■ **WORK REQUIRED**:
When you reach the line containing "this 1428×1904 image." in the data below, reproduce it and every line that follows, exactly and without additions.

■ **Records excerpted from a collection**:
▬▬▬▬▬▬▬▬▬▬

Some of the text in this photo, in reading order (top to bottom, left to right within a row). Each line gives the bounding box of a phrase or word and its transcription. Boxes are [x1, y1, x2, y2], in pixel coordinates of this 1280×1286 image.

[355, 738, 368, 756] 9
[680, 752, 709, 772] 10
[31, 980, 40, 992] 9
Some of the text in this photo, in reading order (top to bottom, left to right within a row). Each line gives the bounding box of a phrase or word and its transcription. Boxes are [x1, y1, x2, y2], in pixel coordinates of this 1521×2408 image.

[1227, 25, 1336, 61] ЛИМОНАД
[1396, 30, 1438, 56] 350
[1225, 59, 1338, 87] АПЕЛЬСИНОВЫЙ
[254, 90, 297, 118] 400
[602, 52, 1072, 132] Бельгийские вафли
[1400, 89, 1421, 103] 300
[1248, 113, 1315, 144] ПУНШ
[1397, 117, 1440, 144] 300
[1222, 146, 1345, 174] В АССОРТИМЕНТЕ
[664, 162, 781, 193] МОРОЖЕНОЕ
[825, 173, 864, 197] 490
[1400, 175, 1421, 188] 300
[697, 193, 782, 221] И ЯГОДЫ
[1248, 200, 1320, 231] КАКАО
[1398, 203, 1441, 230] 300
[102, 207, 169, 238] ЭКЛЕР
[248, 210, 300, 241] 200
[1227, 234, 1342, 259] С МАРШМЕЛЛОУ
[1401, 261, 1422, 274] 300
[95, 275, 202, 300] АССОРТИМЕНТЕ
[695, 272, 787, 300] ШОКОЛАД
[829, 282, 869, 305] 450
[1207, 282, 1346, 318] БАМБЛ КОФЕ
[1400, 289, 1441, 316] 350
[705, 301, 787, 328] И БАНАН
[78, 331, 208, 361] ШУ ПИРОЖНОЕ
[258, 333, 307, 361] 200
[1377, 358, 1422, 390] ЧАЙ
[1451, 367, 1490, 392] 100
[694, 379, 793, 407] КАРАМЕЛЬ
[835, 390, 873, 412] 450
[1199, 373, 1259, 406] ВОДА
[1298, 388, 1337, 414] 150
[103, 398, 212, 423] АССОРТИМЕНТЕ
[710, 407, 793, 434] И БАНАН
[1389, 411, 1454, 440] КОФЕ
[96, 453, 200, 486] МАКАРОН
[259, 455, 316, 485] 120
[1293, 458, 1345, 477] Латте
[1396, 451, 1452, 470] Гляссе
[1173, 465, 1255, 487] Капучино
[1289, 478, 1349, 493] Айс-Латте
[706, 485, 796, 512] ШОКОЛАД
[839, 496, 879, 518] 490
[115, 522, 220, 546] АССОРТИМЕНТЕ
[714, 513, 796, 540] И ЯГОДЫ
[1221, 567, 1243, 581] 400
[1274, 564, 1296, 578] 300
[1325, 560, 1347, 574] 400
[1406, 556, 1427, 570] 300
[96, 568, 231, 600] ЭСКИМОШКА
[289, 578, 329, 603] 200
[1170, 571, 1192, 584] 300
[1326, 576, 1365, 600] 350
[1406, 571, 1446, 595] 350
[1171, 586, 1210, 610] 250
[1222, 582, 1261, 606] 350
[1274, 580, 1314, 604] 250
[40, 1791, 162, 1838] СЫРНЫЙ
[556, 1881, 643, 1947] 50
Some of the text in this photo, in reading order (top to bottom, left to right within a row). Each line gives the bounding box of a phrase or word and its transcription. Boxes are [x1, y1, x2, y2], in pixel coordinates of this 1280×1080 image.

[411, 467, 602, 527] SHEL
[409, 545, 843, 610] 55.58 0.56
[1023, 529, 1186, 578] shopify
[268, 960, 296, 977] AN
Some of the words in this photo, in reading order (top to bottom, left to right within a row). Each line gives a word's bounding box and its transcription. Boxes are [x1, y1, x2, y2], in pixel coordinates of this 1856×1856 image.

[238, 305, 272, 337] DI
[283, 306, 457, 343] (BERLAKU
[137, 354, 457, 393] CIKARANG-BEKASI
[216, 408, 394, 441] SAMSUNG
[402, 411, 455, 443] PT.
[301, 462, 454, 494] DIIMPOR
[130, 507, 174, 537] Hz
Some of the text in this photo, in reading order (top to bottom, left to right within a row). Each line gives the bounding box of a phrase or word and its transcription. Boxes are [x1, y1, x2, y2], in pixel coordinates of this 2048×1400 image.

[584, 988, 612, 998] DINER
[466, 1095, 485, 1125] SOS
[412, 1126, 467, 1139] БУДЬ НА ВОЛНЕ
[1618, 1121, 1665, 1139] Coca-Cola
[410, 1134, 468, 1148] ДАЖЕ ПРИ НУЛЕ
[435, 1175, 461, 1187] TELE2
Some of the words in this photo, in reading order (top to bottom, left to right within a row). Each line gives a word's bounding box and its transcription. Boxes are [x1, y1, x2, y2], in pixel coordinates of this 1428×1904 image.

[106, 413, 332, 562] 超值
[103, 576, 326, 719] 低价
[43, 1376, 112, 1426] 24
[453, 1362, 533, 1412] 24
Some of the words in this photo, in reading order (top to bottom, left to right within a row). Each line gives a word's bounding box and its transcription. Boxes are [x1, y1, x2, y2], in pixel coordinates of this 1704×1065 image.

▬▬▬▬▬▬▬▬▬▬

■ **FINISHED EXERCISE**:
Some of the words in this photo, in reading order (top to bottom, left to right within a row). Each line gives a word's bounding box and its transcription. Boxes are [x1, y1, x2, y2], in pixel coordinates of this 1428×1904 image.

[106, 413, 332, 562] 超值
[103, 576, 326, 719] 低价
[43, 1376, 112, 1426] 24
[453, 1362, 533, 1412] 24
Some of the words in this photo, in reading order (top to bottom, left to right within a row). Each line gives a word's bounding box and its transcription. Boxes are [x1, y1, x2, y2], in pixel coordinates of this 1704×1065 image.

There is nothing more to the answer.